The USDA's Plum Island Animal Disease Laboratory has isolated an atypical porcine reproductive and respiratory syndrome virus from swine samples collected from pigs from four farms north of Manila. The pigs exhibited clinical signs similar to those observed in cases of Porcine High Fever Disease in China and Vietnam. Researchers isolated PCV-2 and an atypical PRRS virus with 98 percent homology to the virus isolated from samples obtained from the outbreak in Vietnam. The PRRS virus is considered the most likely cause of the clinical signs observed.

The Plum Island researchers also isolated the Reston-Ebola virus from 6 of the 28 swine samples tested. This marks the first time the Ebola virus has been isolated from swine.

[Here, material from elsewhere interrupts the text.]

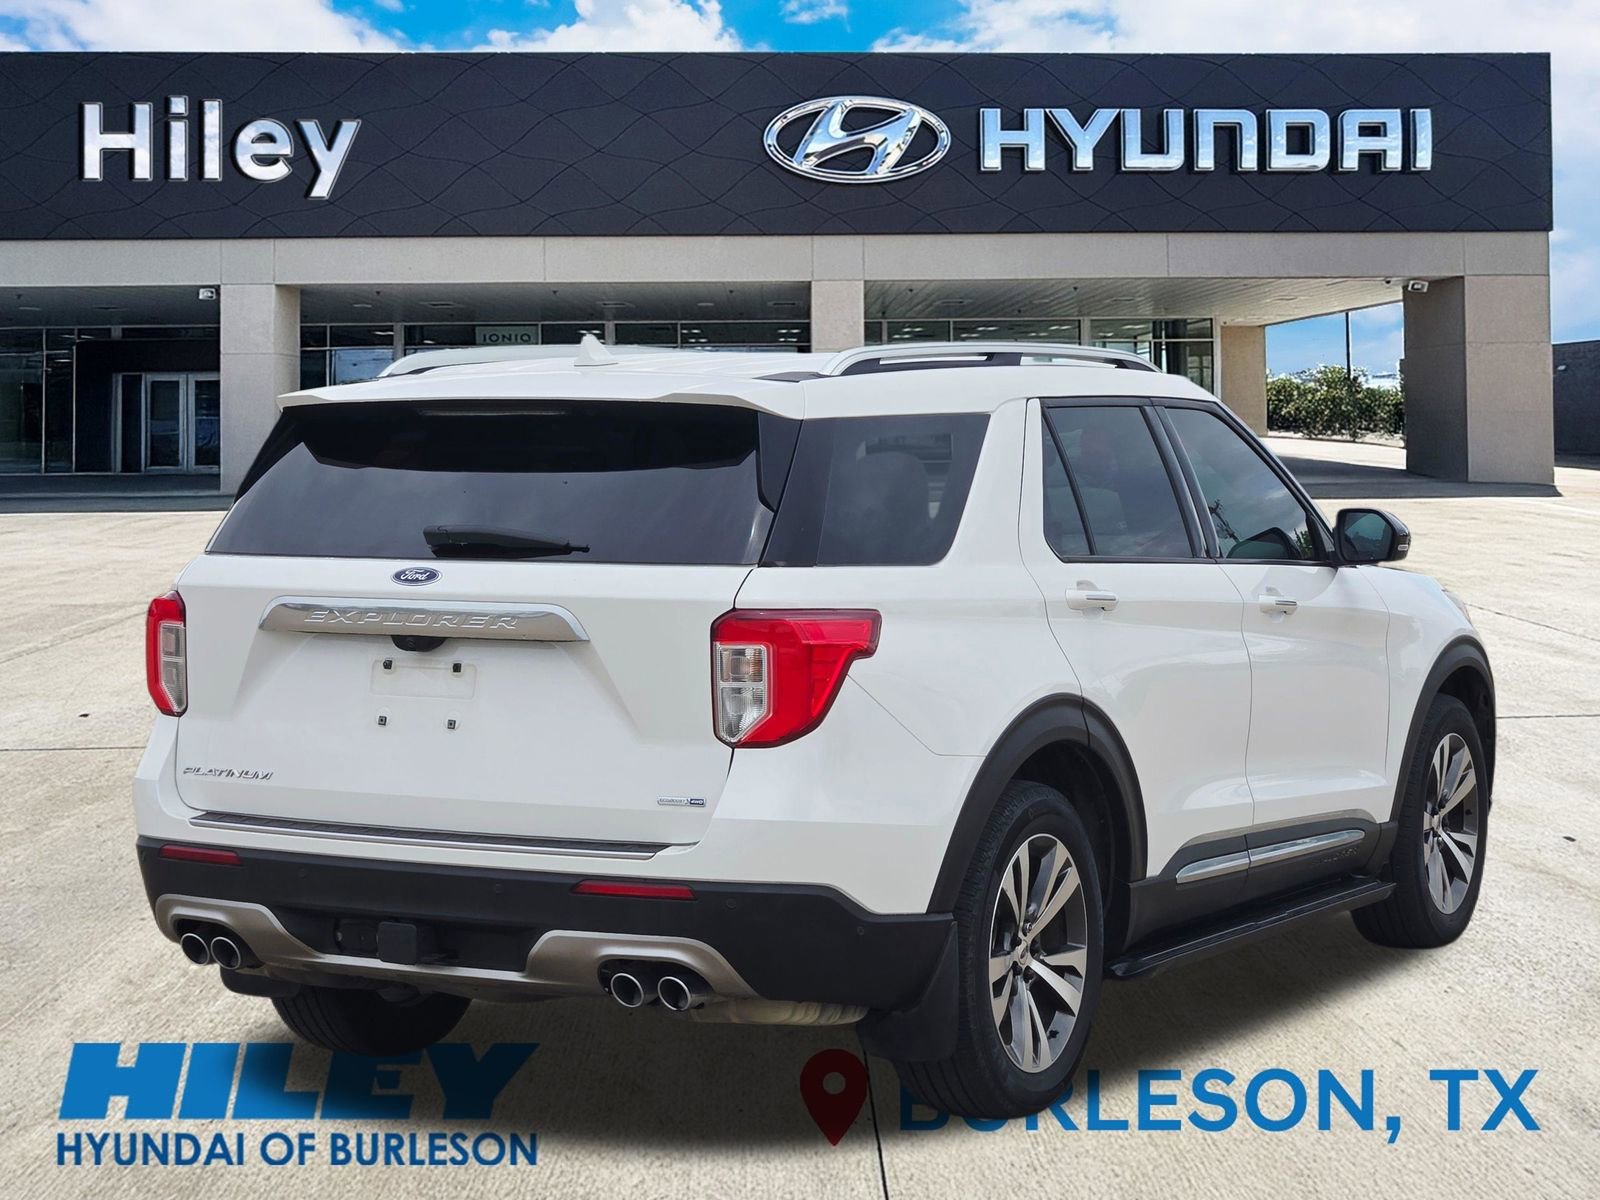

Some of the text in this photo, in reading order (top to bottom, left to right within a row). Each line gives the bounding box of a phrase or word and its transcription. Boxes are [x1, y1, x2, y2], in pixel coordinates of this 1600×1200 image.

The Ebola virus belongs to the Filoviridae family to which humans and other primates are susceptible. It was first reported in the Ebola River Valley in the Democratic Republic of the Congo in 1976. Human pathogenic strains can result in fatality rates of 50 to 90 percent.

The Reston-Ebola strain is different from other Ebola subtypes, which are all potentially fatal to humans. The Reston-Ebola strain is of Asian origin and can be aerosol transmitted unlike the Zaire and Uganda strains. Also, the Reston strain has not caused illness in humans who come in contact with infected animals.

This particular strain was discovered in the Philippines in 1989 among crab-eating monkeys being exported by the Laguna-based Ferlite Farms to the Hazleton Laboratories in Reston, Virginia. A number of workers at the Reston lab were exposed to the virus and exhibited a normal immune response but no clinical symptoms were observed.